* _Assigned task_: Reproduce the records that follow in full, excluding any picture they contain.

* _Dataset records_:
-- Opening Marker --

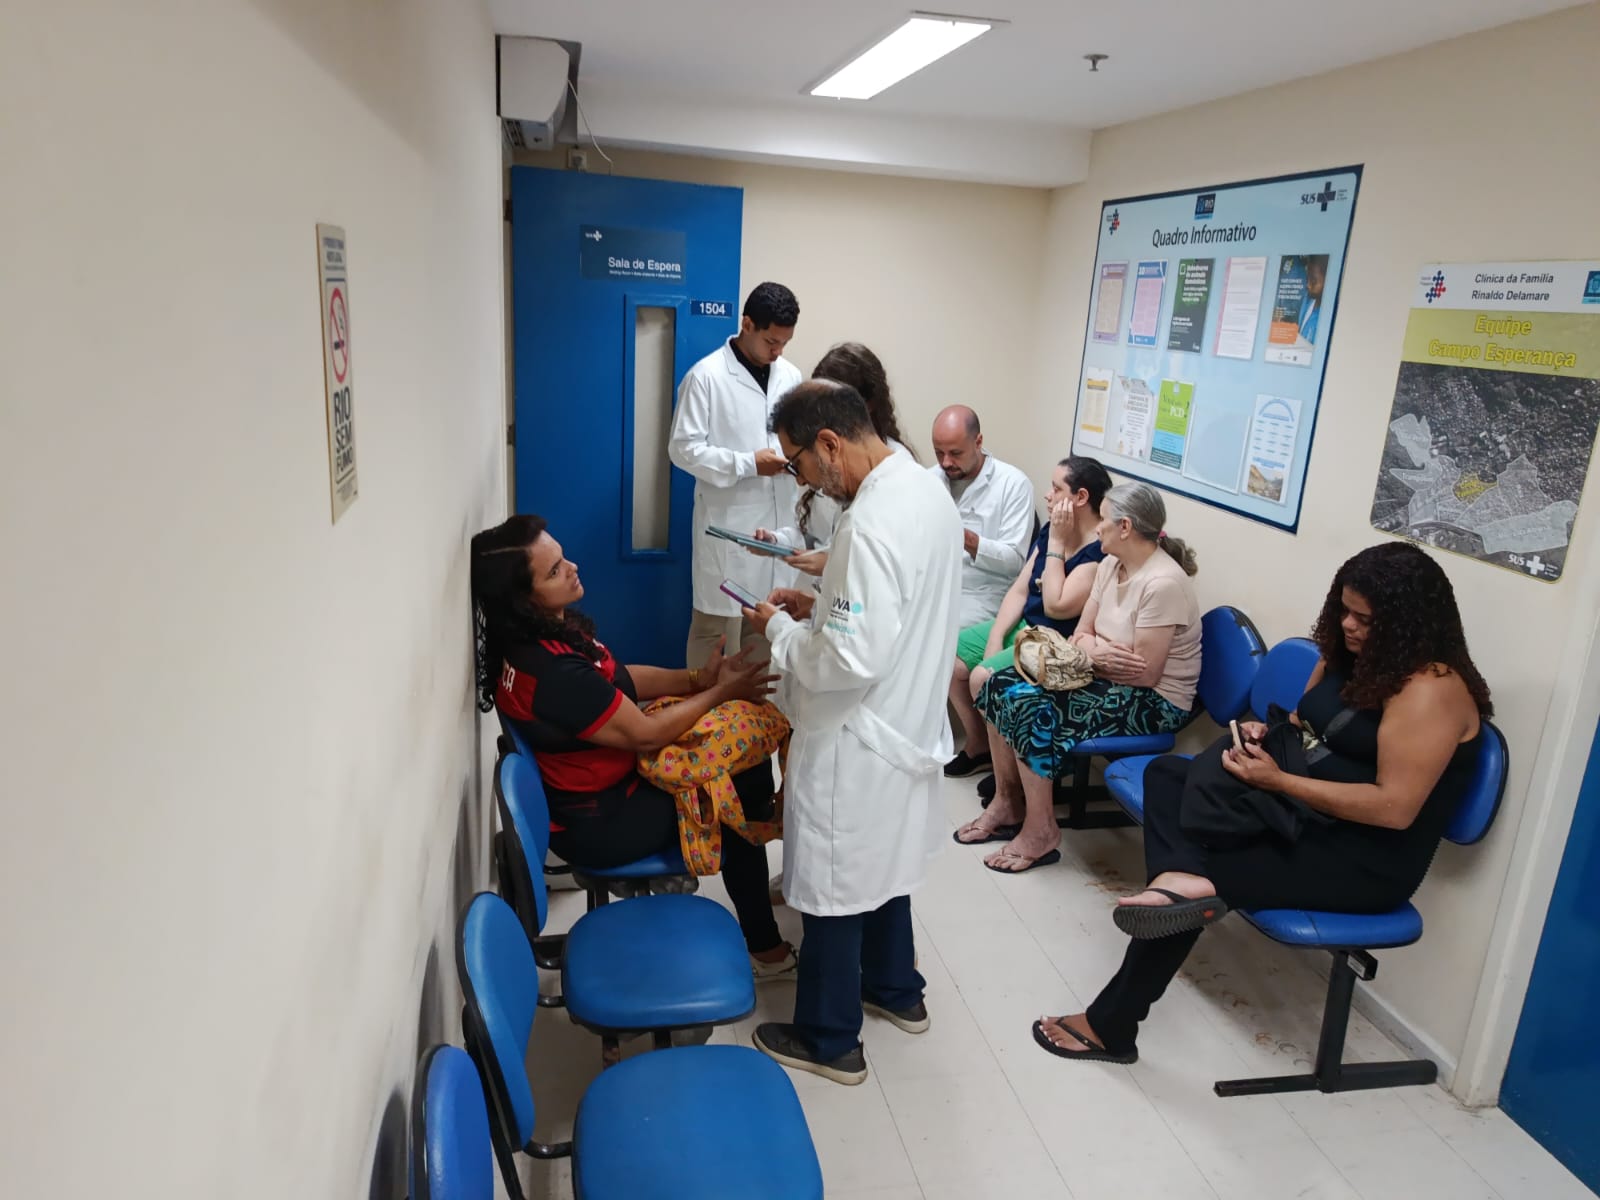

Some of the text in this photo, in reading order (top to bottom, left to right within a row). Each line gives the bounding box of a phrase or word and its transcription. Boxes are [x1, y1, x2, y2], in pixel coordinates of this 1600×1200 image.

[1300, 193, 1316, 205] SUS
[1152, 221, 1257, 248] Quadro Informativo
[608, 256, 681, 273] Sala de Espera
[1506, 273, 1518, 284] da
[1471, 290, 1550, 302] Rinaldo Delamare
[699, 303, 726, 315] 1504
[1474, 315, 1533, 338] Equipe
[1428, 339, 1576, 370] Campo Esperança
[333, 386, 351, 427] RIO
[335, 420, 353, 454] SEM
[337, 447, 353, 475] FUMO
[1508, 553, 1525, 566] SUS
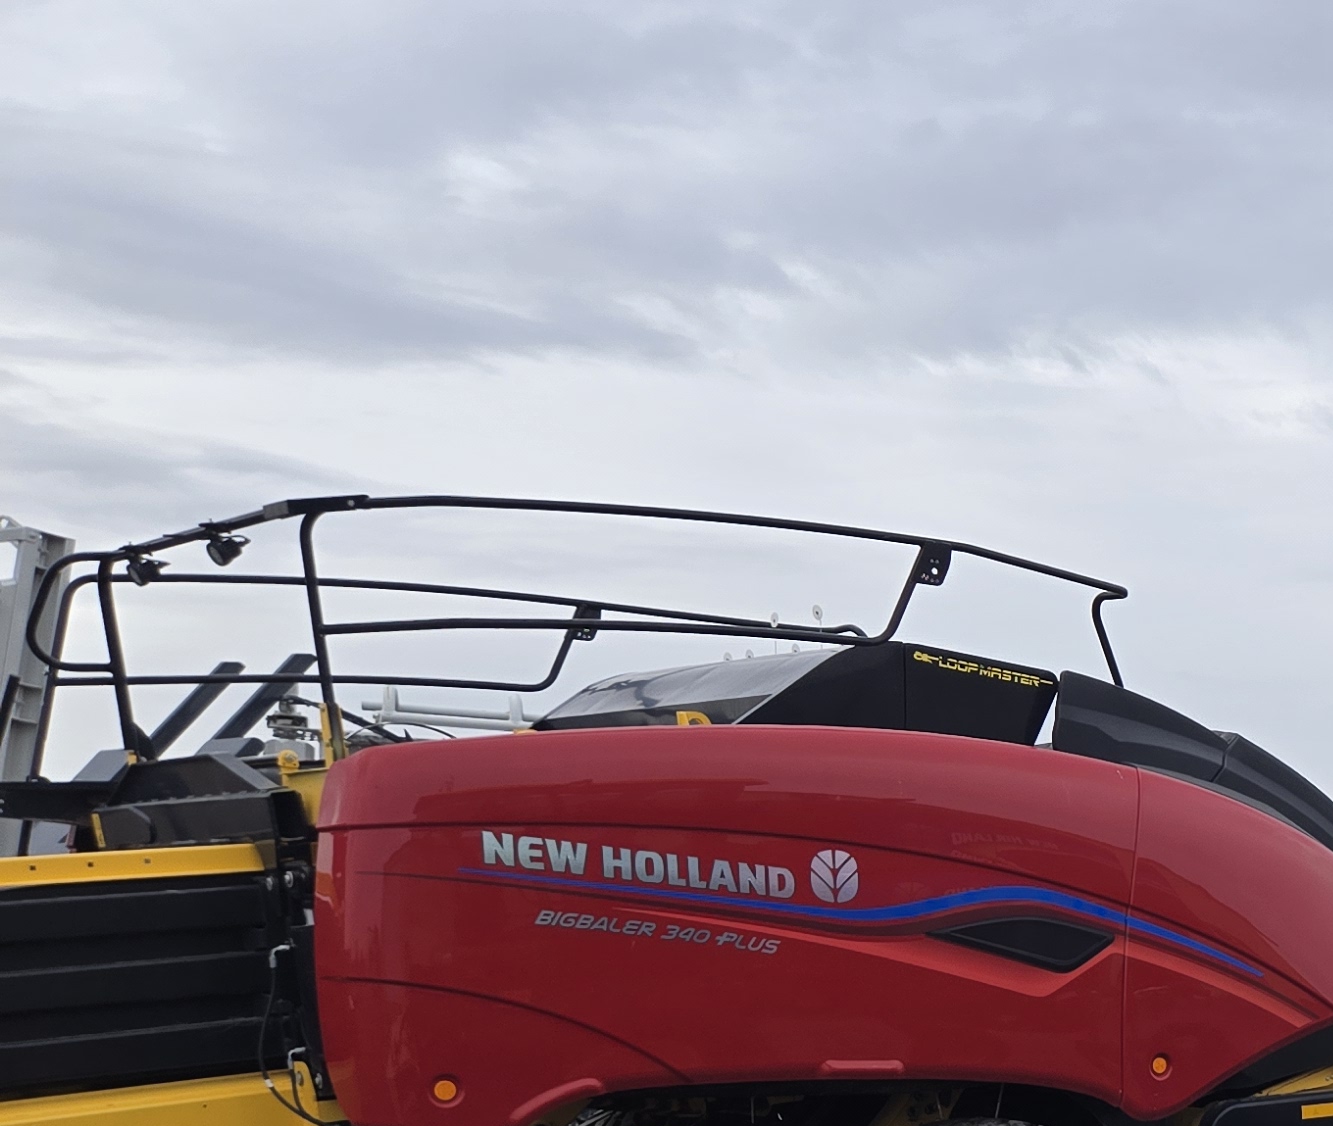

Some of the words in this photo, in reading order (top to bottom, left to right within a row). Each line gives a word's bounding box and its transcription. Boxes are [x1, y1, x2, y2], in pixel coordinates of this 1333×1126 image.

-- Closing Marker --

* _Output for this task_:
Some of the text in this photo, in reading order (top to bottom, left to right within a row). Each line gives the bounding box of a phrase or word and its transcription. Boxes are [x1, y1, x2, y2], in pixel coordinates of this 1600×1200 image.

[1300, 193, 1316, 205] SUS
[1152, 221, 1257, 248] Quadro Informativo
[608, 256, 681, 273] Sala de Espera
[1506, 273, 1518, 284] da
[1471, 290, 1550, 302] Rinaldo Delamare
[699, 303, 726, 315] 1504
[1474, 315, 1533, 338] Equipe
[1428, 339, 1576, 370] Campo Esperança
[333, 386, 351, 427] RIO
[335, 420, 353, 454] SEM
[337, 447, 353, 475] FUMO
[1508, 553, 1525, 566] SUS

Some of the words in this photo, in reading order (top to bottom, left to right within a row). Each line gives a word's bounding box and its transcription. Boxes are [x1, y1, x2, y2], in pixel coordinates of this 1333×1126 image.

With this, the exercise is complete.